Exercise directions → Your reply should reproduce each entry exactly and contain no pictures.

[Stored items from a collection]
++++++
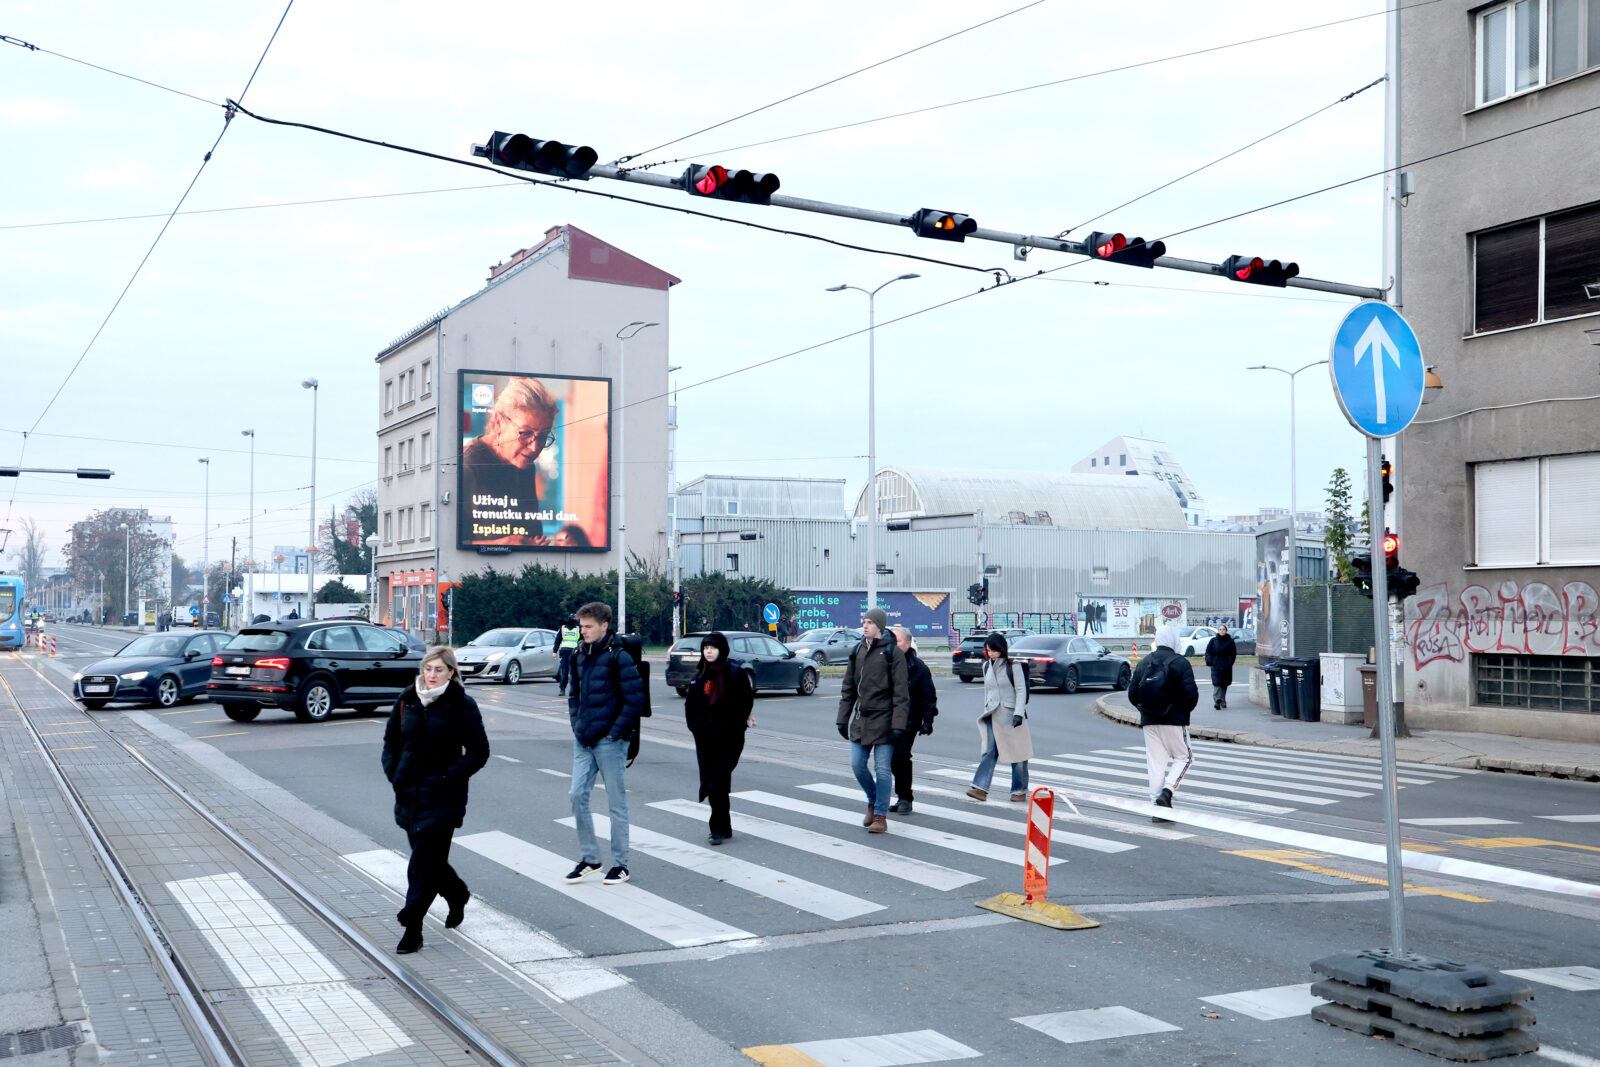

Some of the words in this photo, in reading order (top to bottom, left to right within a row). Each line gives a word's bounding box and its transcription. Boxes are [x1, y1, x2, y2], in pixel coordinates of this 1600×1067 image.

[473, 494, 508, 508] Uživaj
[510, 498, 518, 506] u
[472, 509, 522, 519] trenutku
[524, 510, 553, 520] svaki
[555, 511, 580, 521] dan.
[473, 523, 511, 536] Isplati
[512, 526, 529, 535] se.
[827, 597, 840, 605] se
[1114, 608, 1128, 617] 3.0
[797, 619, 819, 629] tebi
[821, 621, 834, 629] se
[1417, 636, 1458, 657] PUSA
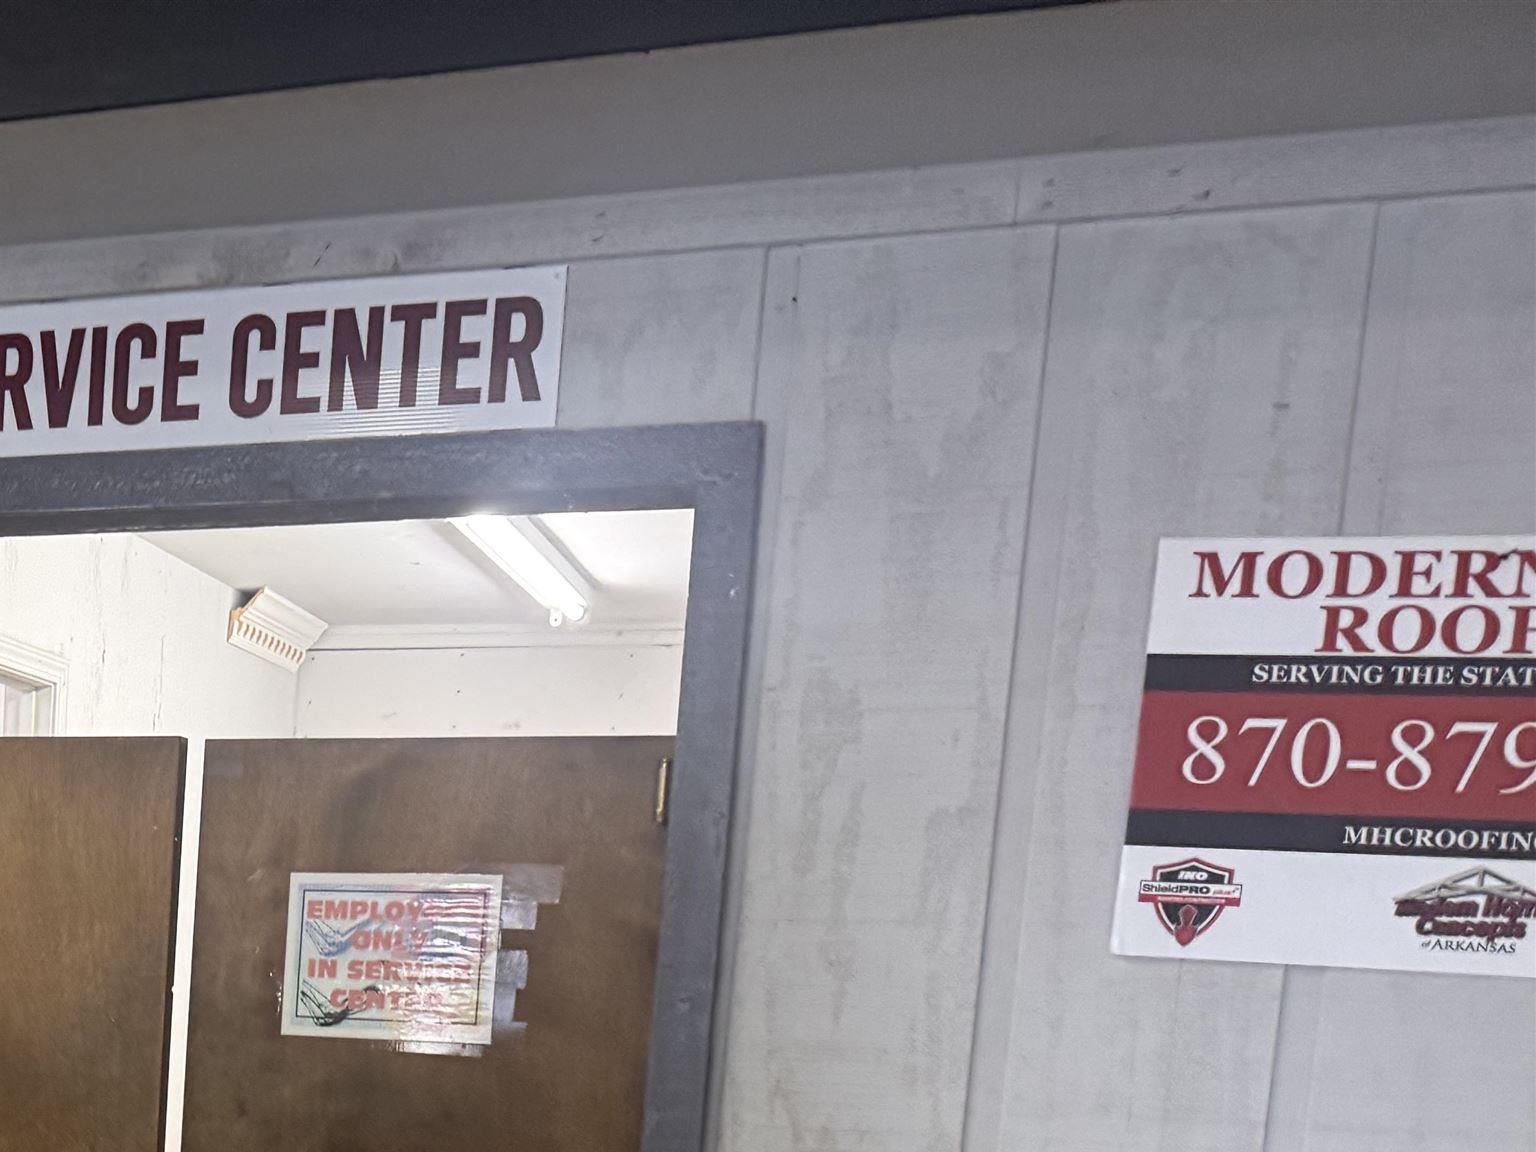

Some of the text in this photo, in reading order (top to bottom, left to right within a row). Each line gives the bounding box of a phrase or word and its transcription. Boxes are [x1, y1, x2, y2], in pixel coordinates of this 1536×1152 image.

[227, 296, 544, 420] CENTER
[1251, 663, 1384, 685] SERVING
[1390, 665, 1454, 686] THE
[1342, 826, 1536, 852] MHCROOFIN
[1177, 870, 1209, 881] IKO
[1142, 883, 1211, 895] ShieldPRO
[306, 899, 481, 922] EMPLOY
[1431, 938, 1517, 954] ARKANSAS
[307, 958, 338, 979] IN
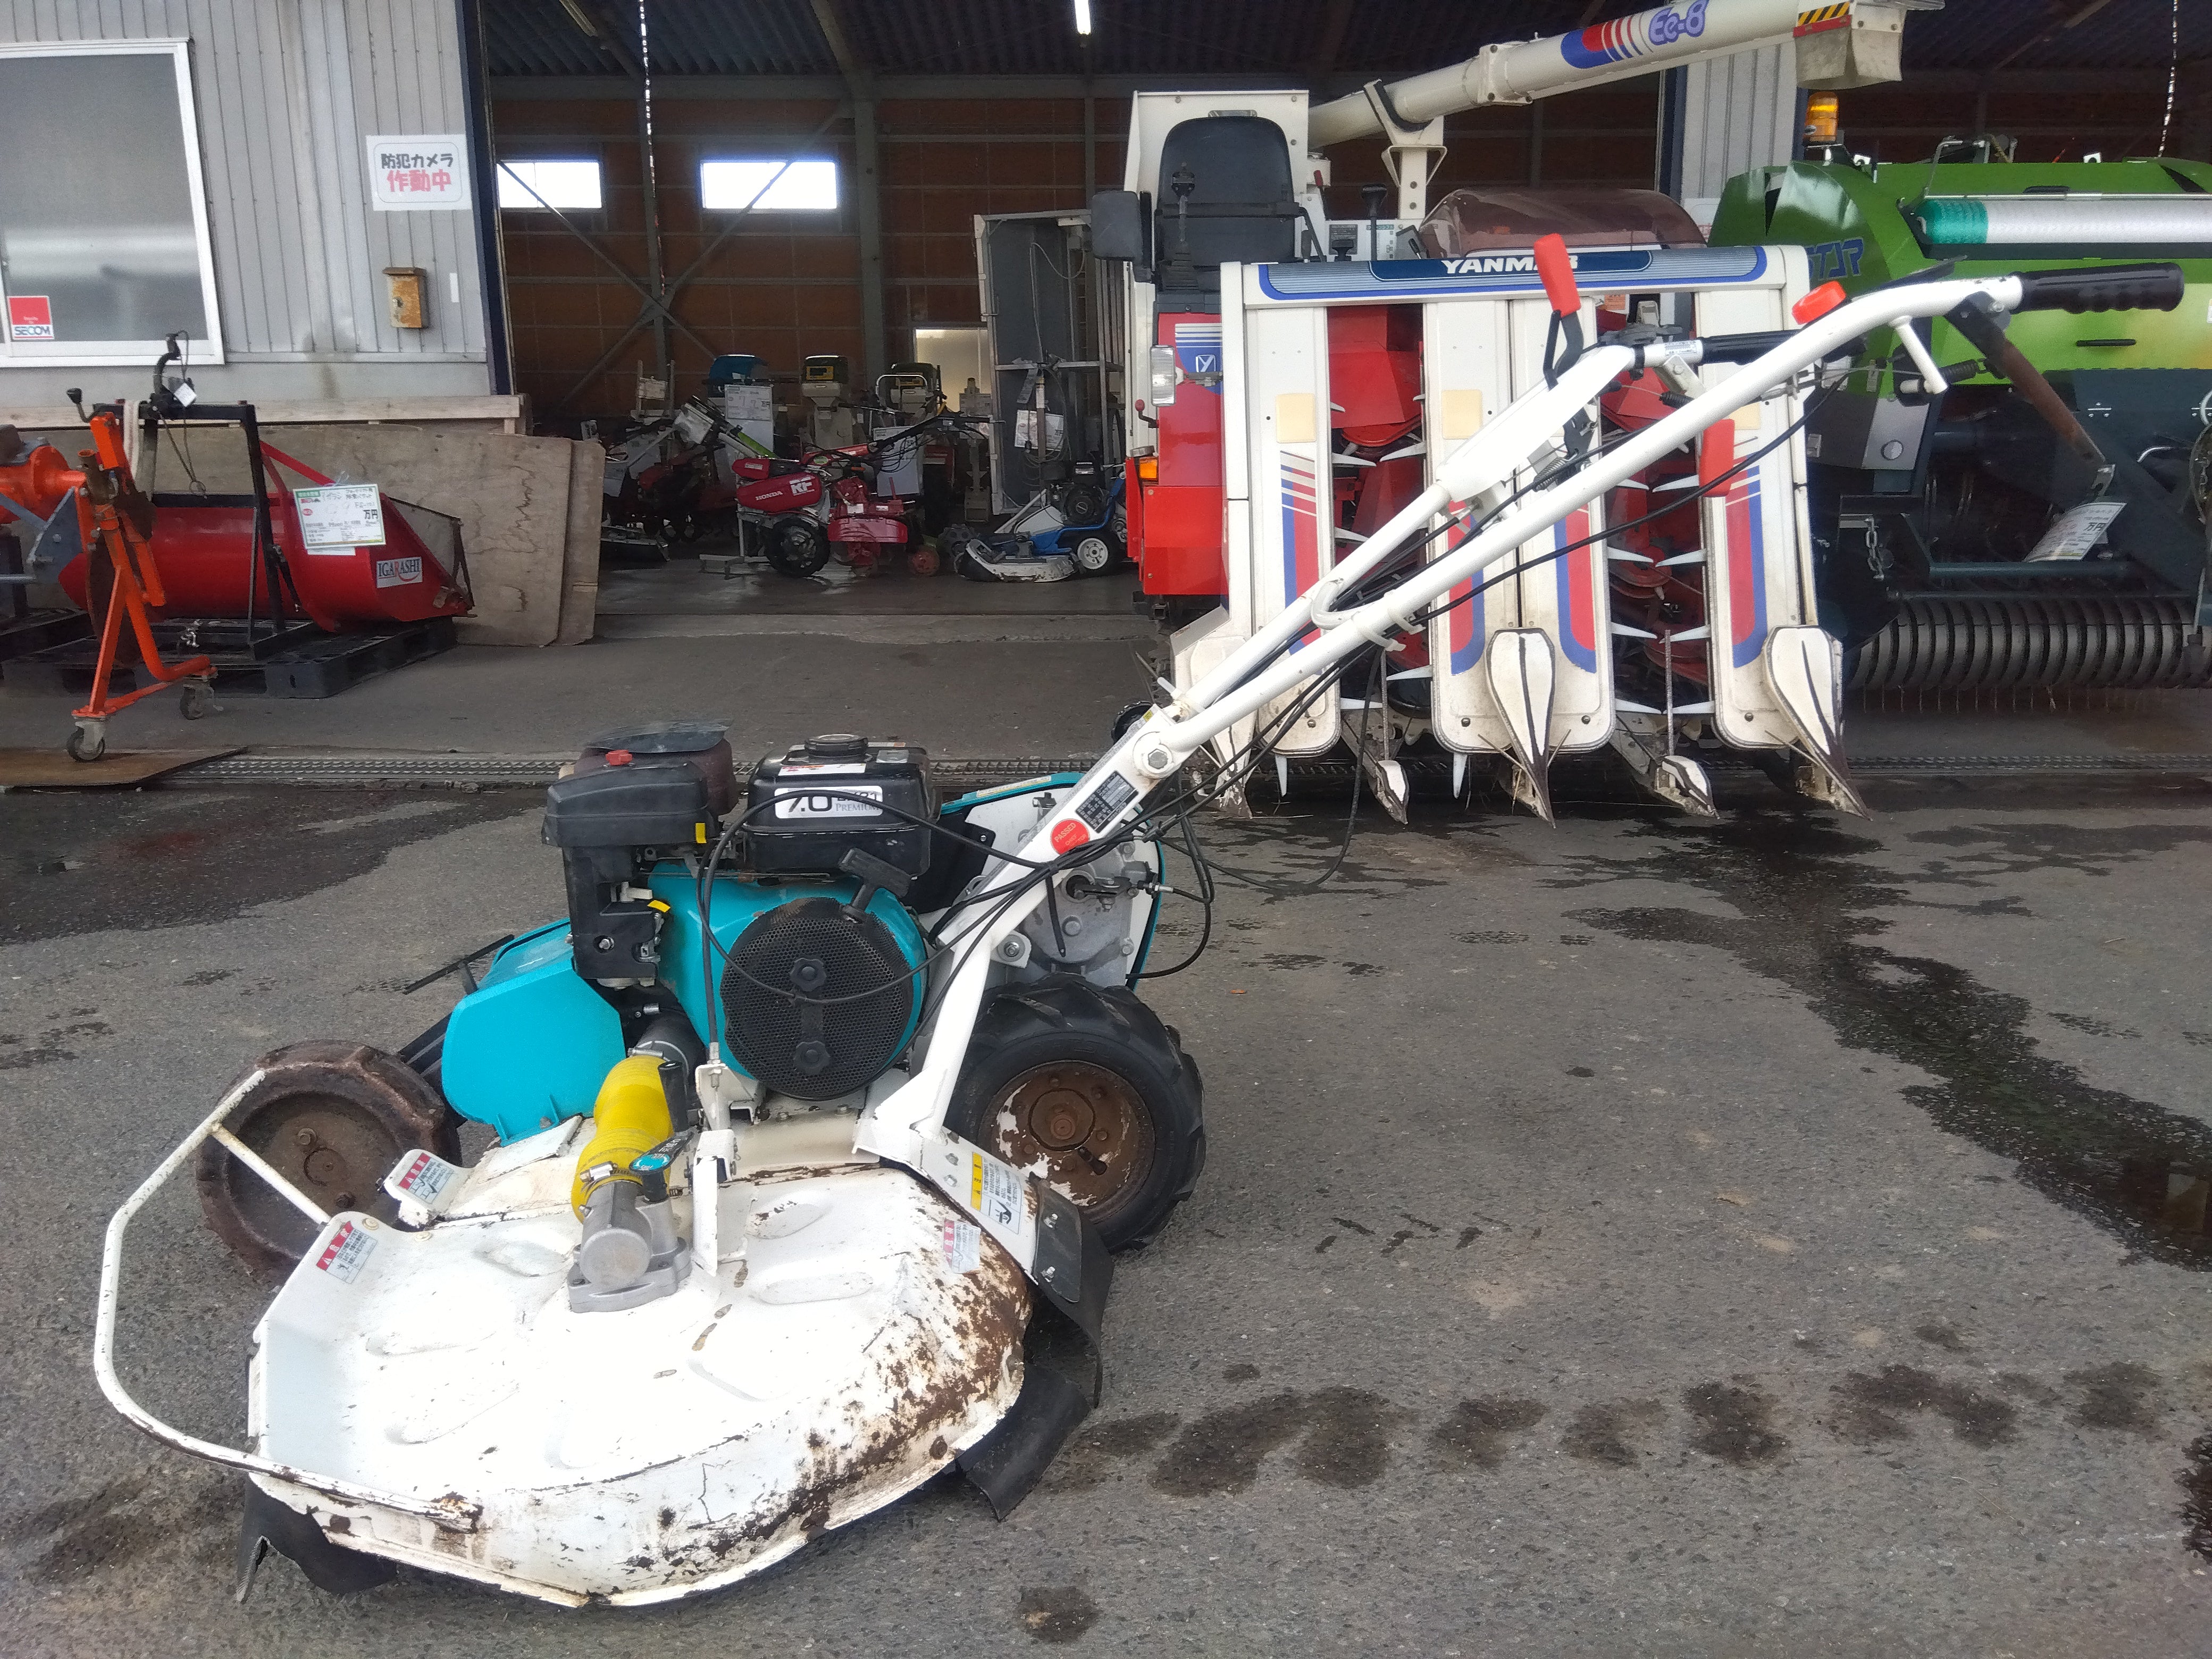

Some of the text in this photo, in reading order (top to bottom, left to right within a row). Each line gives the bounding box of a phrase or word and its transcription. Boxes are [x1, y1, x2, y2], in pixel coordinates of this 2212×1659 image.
++++++
Result of this task →
Some of the words in this photo, in reading order (top to bottom, left to right within a row). Each line gives a word's bounding box and its transcription. Boxes are [x1, y1, x2, y2], in pixel coordinates of this 1600×1067 image.

[473, 494, 508, 508] Uživaj
[510, 498, 518, 506] u
[472, 509, 522, 519] trenutku
[524, 510, 553, 520] svaki
[555, 511, 580, 521] dan.
[473, 523, 511, 536] Isplati
[512, 526, 529, 535] se.
[827, 597, 840, 605] se
[1114, 608, 1128, 617] 3.0
[797, 619, 819, 629] tebi
[821, 621, 834, 629] se
[1417, 636, 1458, 657] PUSA

Some of the text in this photo, in reading order (top to bottom, left to right within a row). Each line gives the bounding box of a phrase or word and its transcription. Boxes are [x1, y1, x2, y2], in pixel coordinates of this 1536×1152 image.

[227, 296, 544, 420] CENTER
[1251, 663, 1384, 685] SERVING
[1390, 665, 1454, 686] THE
[1342, 826, 1536, 852] MHCROOFIN
[1177, 870, 1209, 881] IKO
[1142, 883, 1211, 895] ShieldPRO
[306, 899, 481, 922] EMPLOY
[1431, 938, 1517, 954] ARKANSAS
[307, 958, 338, 979] IN

Some of the text in this photo, in reading order (top to bottom, left to right within a row). Each line gives the bounding box of a phrase or word and its transcription. Boxes are [x1, y1, x2, y2], in pixel coordinates of this 2212×1659 image.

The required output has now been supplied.